=== Materials provided ===

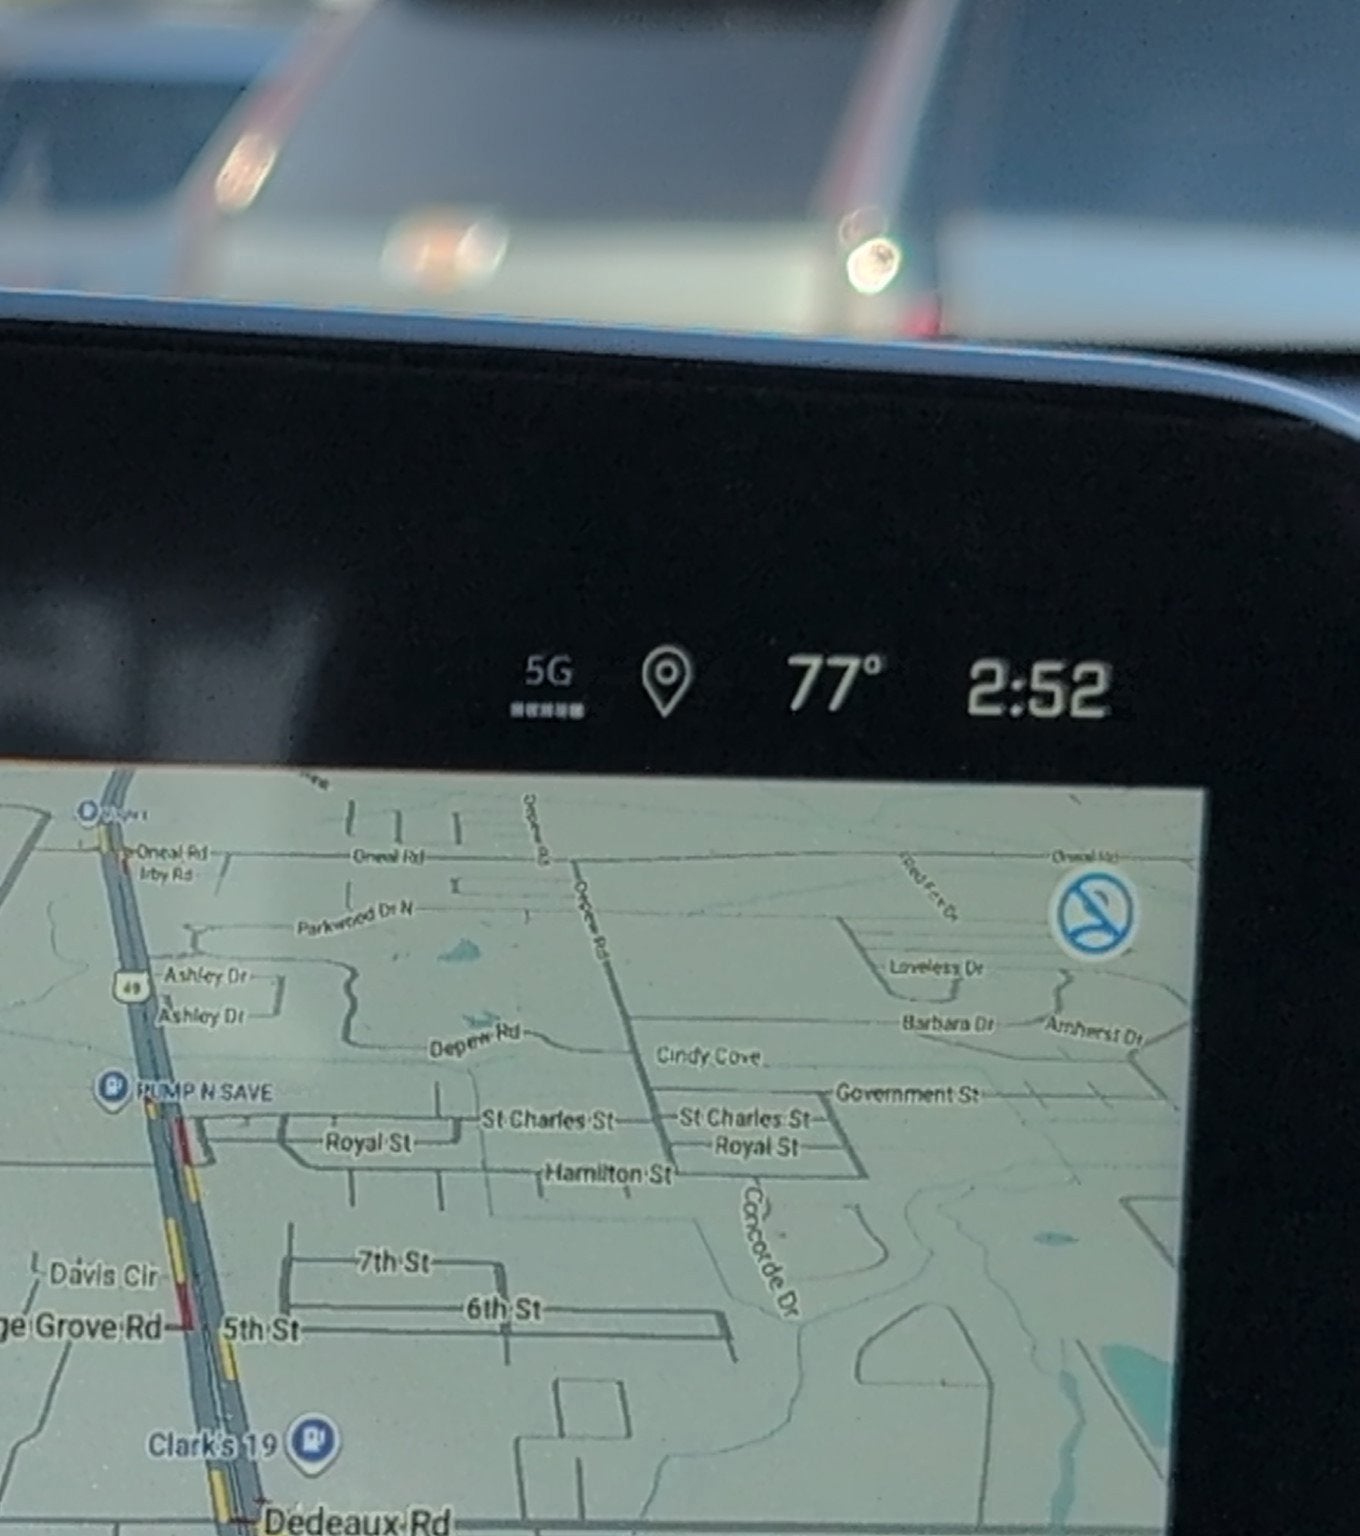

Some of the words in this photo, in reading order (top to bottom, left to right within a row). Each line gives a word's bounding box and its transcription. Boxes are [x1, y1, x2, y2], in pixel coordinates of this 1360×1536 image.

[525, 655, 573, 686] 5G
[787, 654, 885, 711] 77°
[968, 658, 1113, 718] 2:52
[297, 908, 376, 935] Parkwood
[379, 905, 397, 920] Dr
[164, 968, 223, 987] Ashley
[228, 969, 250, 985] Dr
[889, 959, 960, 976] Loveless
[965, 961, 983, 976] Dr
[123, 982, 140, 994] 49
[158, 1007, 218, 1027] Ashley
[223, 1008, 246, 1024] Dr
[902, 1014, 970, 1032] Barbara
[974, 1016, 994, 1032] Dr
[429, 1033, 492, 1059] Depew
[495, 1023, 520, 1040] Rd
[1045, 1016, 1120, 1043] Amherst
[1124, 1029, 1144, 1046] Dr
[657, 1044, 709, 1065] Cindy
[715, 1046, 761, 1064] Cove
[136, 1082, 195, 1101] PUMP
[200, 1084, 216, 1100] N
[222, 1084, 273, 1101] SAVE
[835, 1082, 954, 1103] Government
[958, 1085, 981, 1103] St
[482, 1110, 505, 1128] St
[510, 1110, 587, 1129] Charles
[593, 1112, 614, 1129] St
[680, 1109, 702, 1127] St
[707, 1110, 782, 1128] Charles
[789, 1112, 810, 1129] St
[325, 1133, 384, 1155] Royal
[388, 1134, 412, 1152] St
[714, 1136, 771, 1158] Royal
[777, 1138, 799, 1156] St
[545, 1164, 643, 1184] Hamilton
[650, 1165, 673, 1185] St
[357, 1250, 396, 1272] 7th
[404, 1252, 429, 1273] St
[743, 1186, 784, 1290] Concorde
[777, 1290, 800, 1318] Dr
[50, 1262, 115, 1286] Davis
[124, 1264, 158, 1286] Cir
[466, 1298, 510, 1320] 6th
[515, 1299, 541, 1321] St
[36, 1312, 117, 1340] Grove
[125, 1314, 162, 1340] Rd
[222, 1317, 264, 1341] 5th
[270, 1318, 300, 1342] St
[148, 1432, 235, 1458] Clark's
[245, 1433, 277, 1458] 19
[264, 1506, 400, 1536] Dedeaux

===

**What you are asked to do:** Would you repeat the entries exactly, but with no pictures?

**Response for this exercise:**
Some of the words in this photo, in reading order (top to bottom, left to right within a row). Each line gives a word's bounding box and its transcription. Boxes are [x1, y1, x2, y2], in pixel coordinates of this 1360×1536 image.

[525, 655, 573, 686] 5G
[787, 654, 885, 711] 77°
[968, 658, 1113, 718] 2:52
[297, 908, 376, 935] Parkwood
[379, 905, 397, 920] Dr
[164, 968, 223, 987] Ashley
[228, 969, 250, 985] Dr
[889, 959, 960, 976] Loveless
[965, 961, 983, 976] Dr
[123, 982, 140, 994] 49
[158, 1007, 218, 1027] Ashley
[223, 1008, 246, 1024] Dr
[902, 1014, 970, 1032] Barbara
[974, 1016, 994, 1032] Dr
[429, 1033, 492, 1059] Depew
[495, 1023, 520, 1040] Rd
[1045, 1016, 1120, 1043] Amherst
[1124, 1029, 1144, 1046] Dr
[657, 1044, 709, 1065] Cindy
[715, 1046, 761, 1064] Cove
[136, 1082, 195, 1101] PUMP
[200, 1084, 216, 1100] N
[222, 1084, 273, 1101] SAVE
[835, 1082, 954, 1103] Government
[958, 1085, 981, 1103] St
[482, 1110, 505, 1128] St
[510, 1110, 587, 1129] Charles
[593, 1112, 614, 1129] St
[680, 1109, 702, 1127] St
[707, 1110, 782, 1128] Charles
[789, 1112, 810, 1129] St
[325, 1133, 384, 1155] Royal
[388, 1134, 412, 1152] St
[714, 1136, 771, 1158] Royal
[777, 1138, 799, 1156] St
[545, 1164, 643, 1184] Hamilton
[650, 1165, 673, 1185] St
[357, 1250, 396, 1272] 7th
[404, 1252, 429, 1273] St
[743, 1186, 784, 1290] Concorde
[777, 1290, 800, 1318] Dr
[50, 1262, 115, 1286] Davis
[124, 1264, 158, 1286] Cir
[466, 1298, 510, 1320] 6th
[515, 1299, 541, 1321] St
[36, 1312, 117, 1340] Grove
[125, 1314, 162, 1340] Rd
[222, 1317, 264, 1341] 5th
[270, 1318, 300, 1342] St
[148, 1432, 235, 1458] Clark's
[245, 1433, 277, 1458] 19
[264, 1506, 400, 1536] Dedeaux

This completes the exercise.